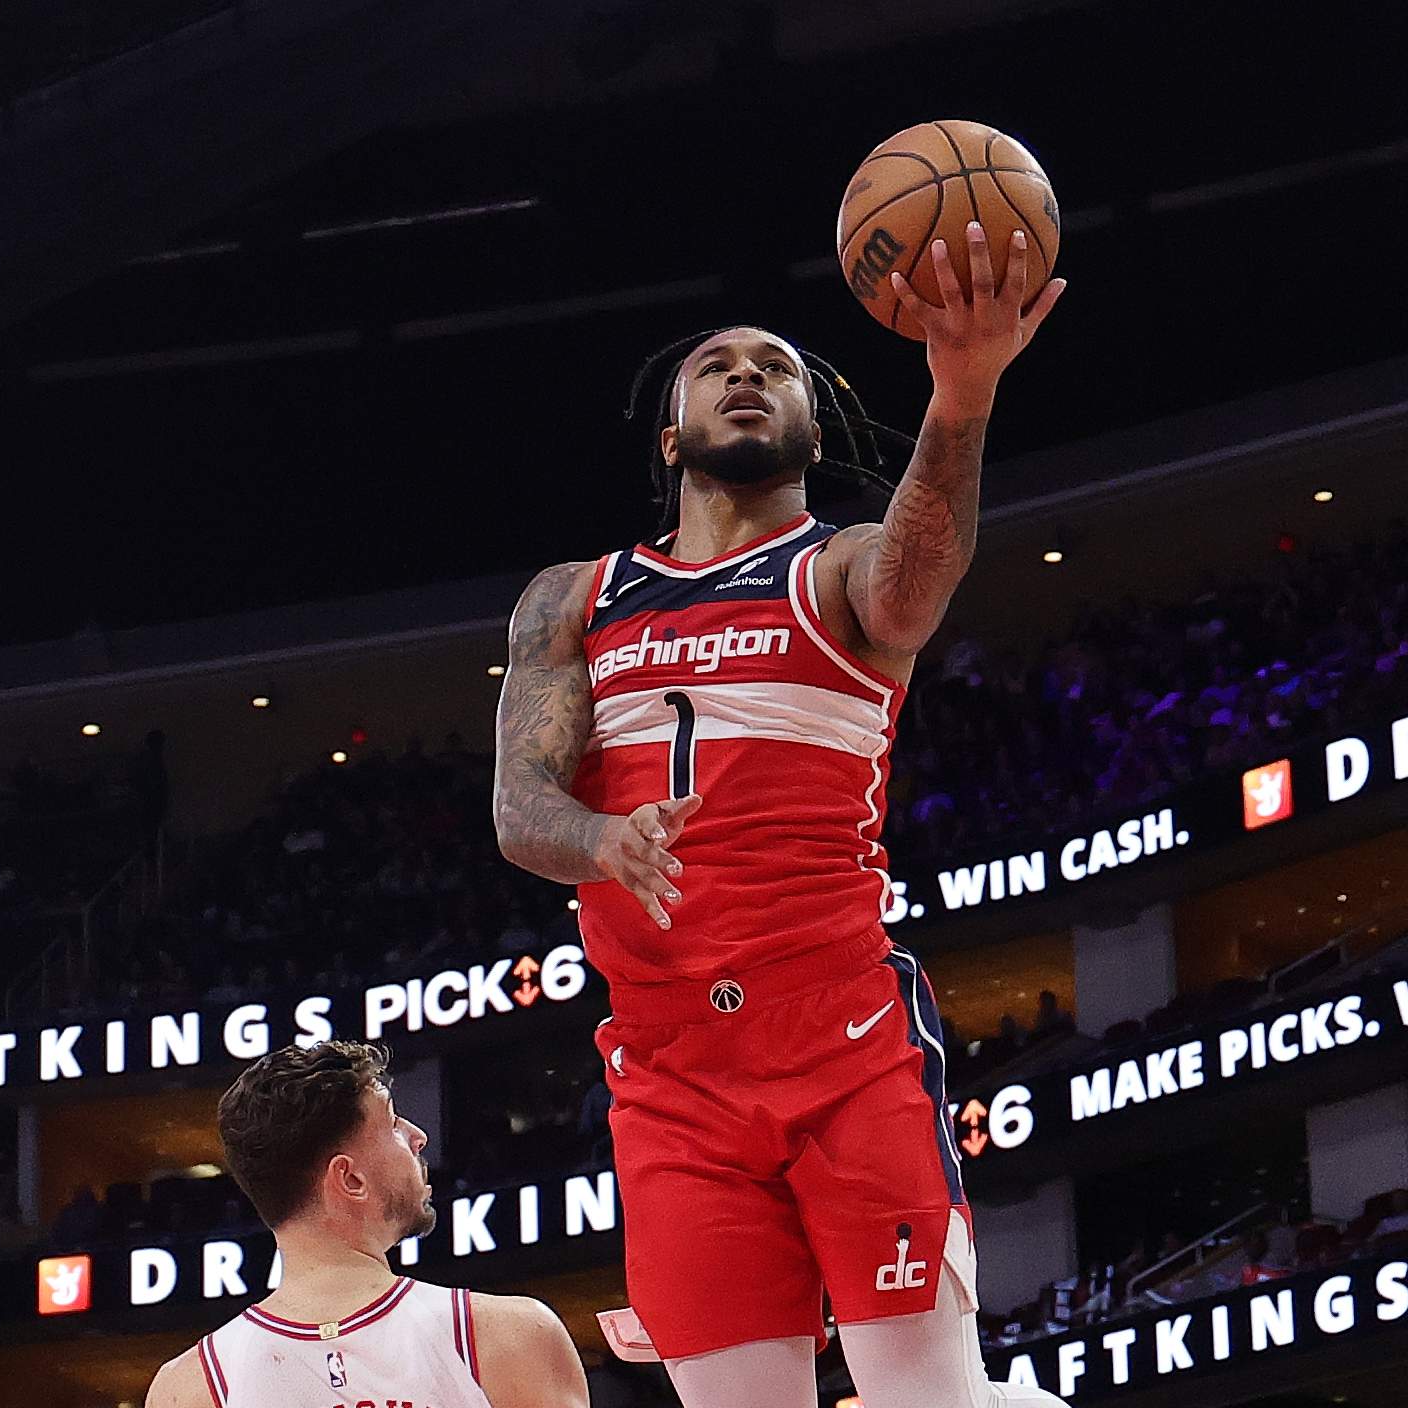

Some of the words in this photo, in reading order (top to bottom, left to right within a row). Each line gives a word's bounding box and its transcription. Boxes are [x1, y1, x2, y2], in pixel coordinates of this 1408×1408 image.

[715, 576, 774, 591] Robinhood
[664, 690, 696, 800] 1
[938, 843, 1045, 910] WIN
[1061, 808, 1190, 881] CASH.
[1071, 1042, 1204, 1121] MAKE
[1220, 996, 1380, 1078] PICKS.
--------------------------------------------------
Please repeat all of the data exactly as it stands, leaving the pictures out.

Some of the words in this photo, in reading order (top to bottom, left to right within a row). Each line gives a word's bounding box and its transcription. Boxes are [x1, y1, x2, y2], in pixel coordinates of this 1408×1408 image.

[715, 576, 774, 591] Robinhood
[664, 690, 696, 800] 1
[938, 843, 1045, 910] WIN
[1061, 808, 1190, 881] CASH.
[1071, 1042, 1204, 1121] MAKE
[1220, 996, 1380, 1078] PICKS.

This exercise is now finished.